What to work on: This exercise calls for the records to be returned exactly, with images removed.
··········
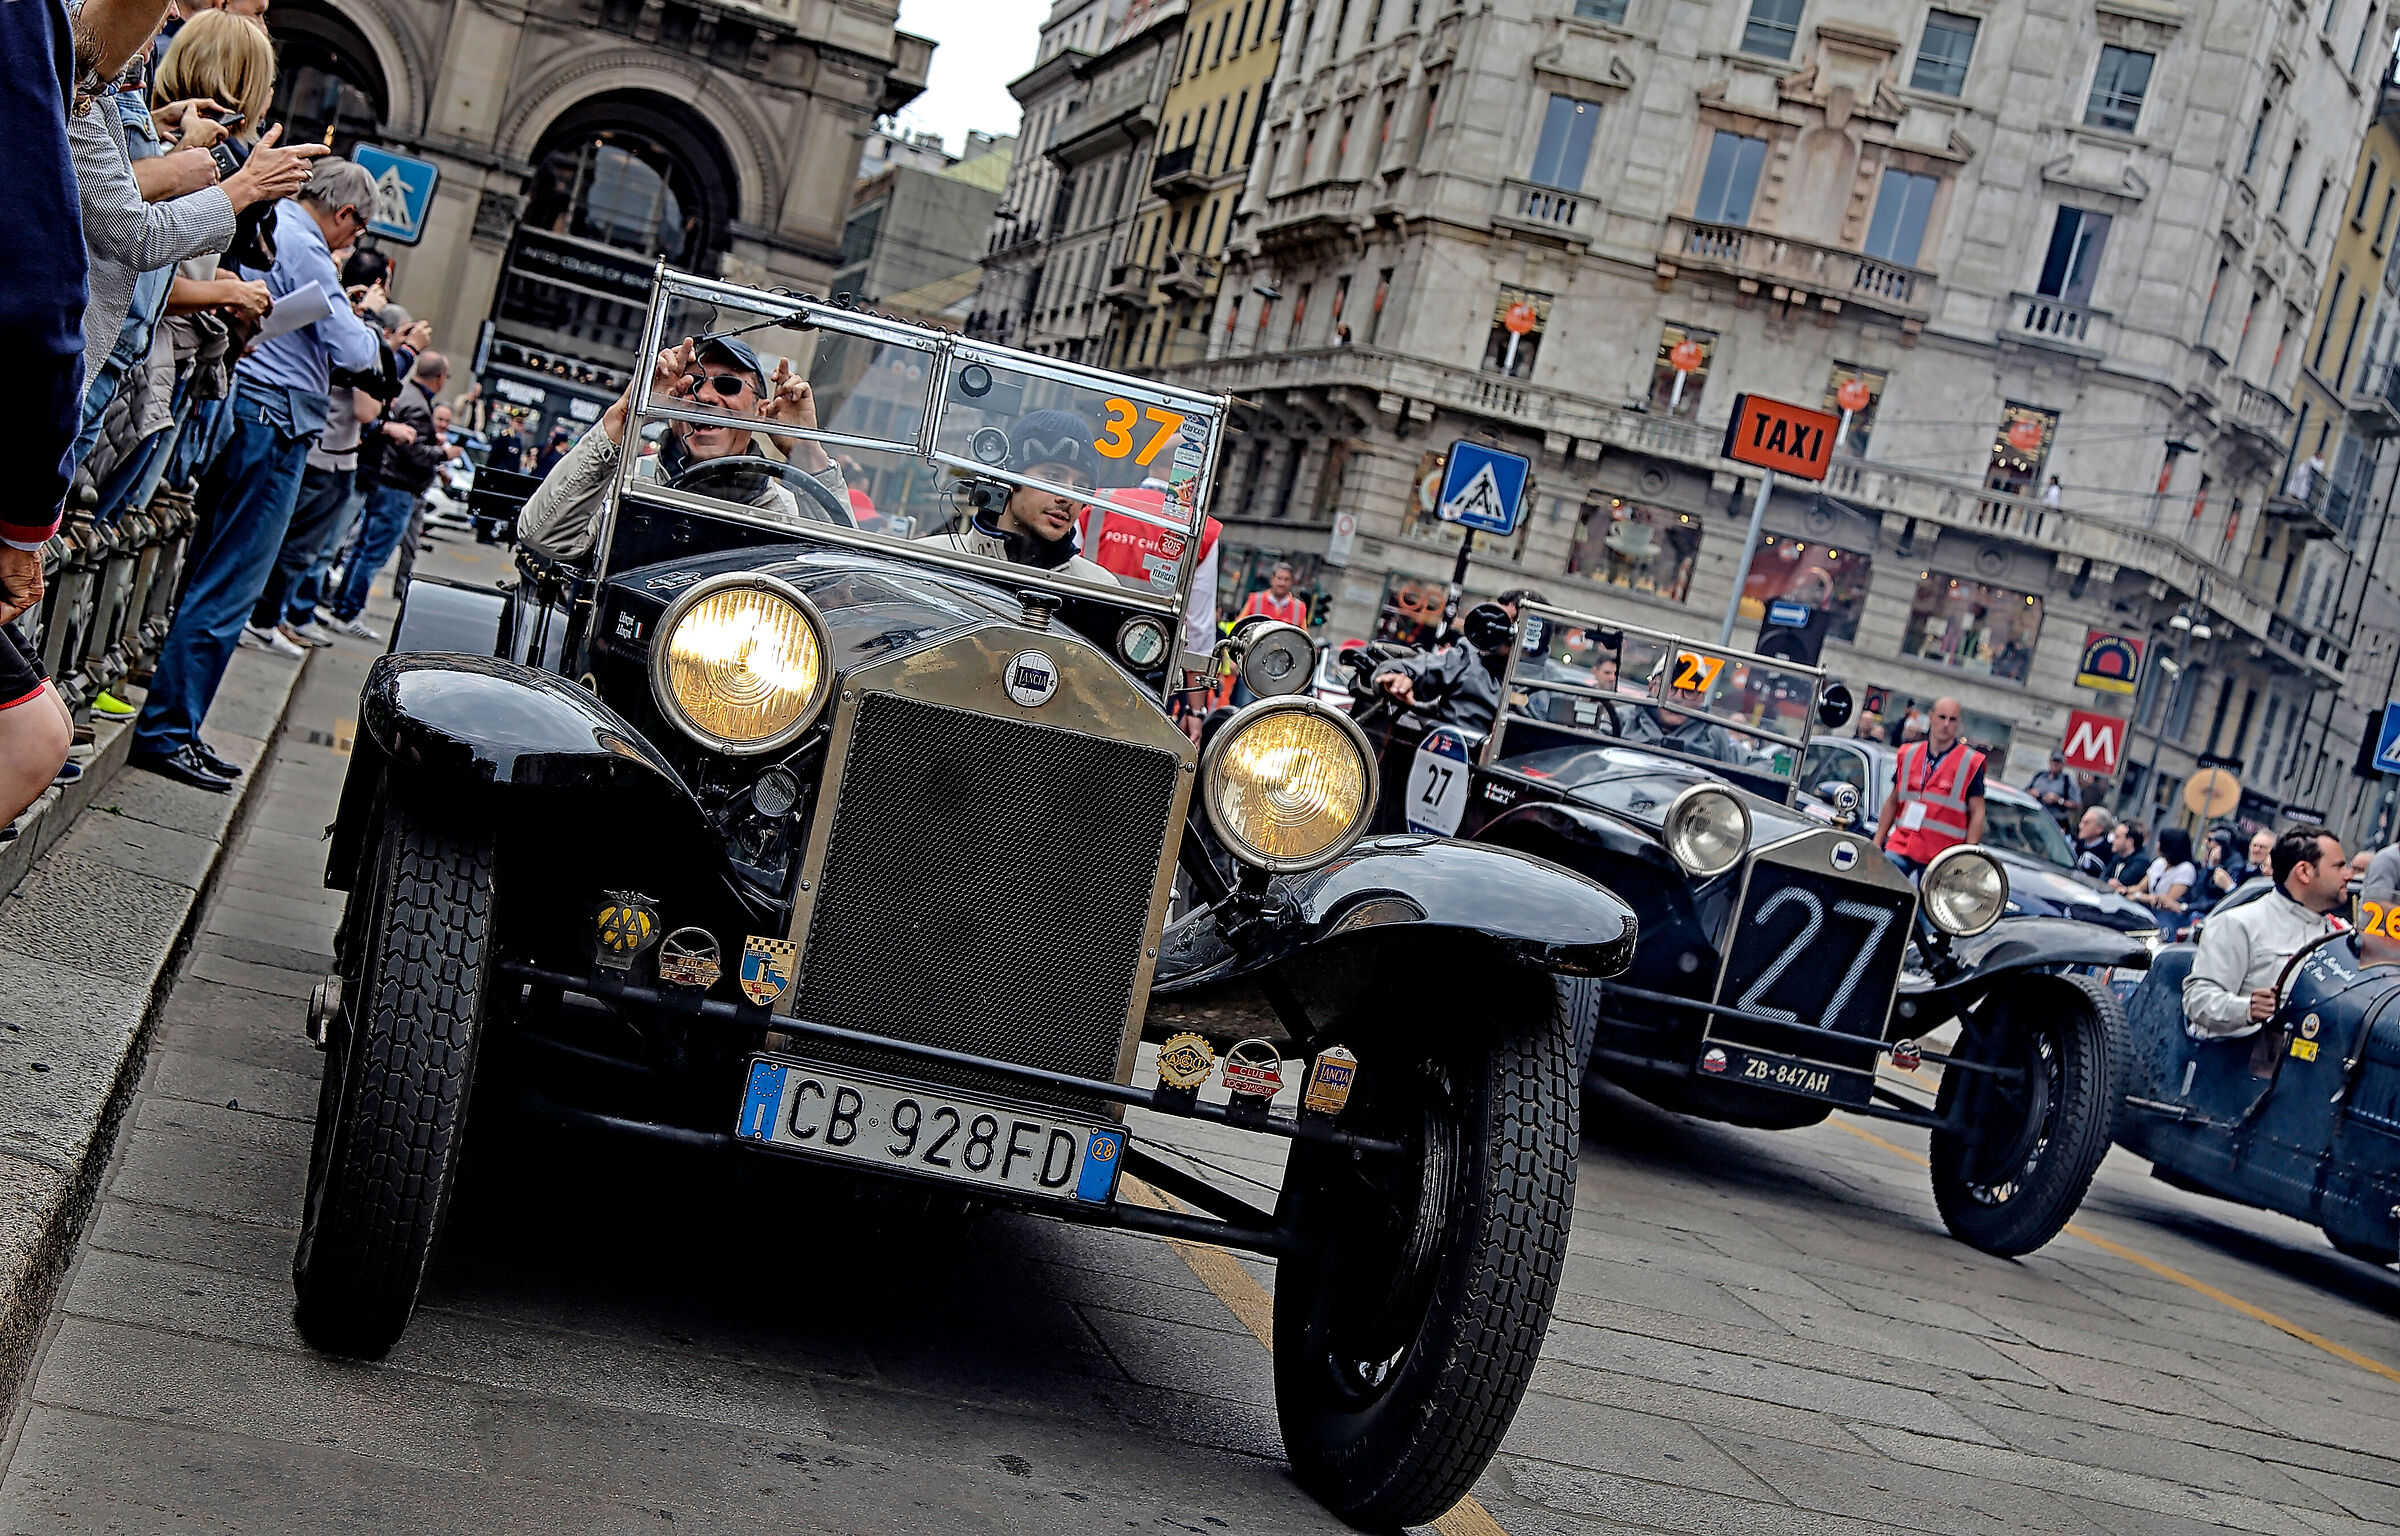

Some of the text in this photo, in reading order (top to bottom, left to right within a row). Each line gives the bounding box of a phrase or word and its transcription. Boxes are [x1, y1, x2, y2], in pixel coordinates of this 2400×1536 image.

[1093, 398, 1185, 467] 37
[1753, 412, 1825, 464] TAXI
[1104, 531, 1137, 545] POST
[1162, 538, 1182, 552] 2015
[1018, 668, 1048, 687] LANCIA
[1673, 652, 1726, 693] 27
[2064, 721, 2116, 767] M
[1421, 763, 1454, 807] 27
[2361, 901, 2400, 942] 26
[1736, 885, 1895, 1031] 27
[1239, 1067, 1266, 1080] CLUB
[1319, 1064, 1350, 1084] LANCIA
[1744, 1058, 1831, 1094] ZB 847AH
[786, 1078, 1079, 1188] CB 928FD
[1094, 1141, 1114, 1158] 28
··········
Answer to this task:
Some of the text in this photo, in reading order (top to bottom, left to right within a row). Each line gives the bounding box of a phrase or word and its transcription. Boxes are [x1, y1, x2, y2], in pixel coordinates of this 2400×1536 image.

[1093, 398, 1185, 467] 37
[1753, 412, 1825, 464] TAXI
[1104, 531, 1137, 545] POST
[1162, 538, 1182, 552] 2015
[1018, 668, 1048, 687] LANCIA
[1673, 652, 1726, 693] 27
[2064, 721, 2116, 767] M
[1421, 763, 1454, 807] 27
[2361, 901, 2400, 942] 26
[1736, 885, 1895, 1031] 27
[1239, 1067, 1266, 1080] CLUB
[1319, 1064, 1350, 1084] LANCIA
[1744, 1058, 1831, 1094] ZB 847AH
[786, 1078, 1079, 1188] CB 928FD
[1094, 1141, 1114, 1158] 28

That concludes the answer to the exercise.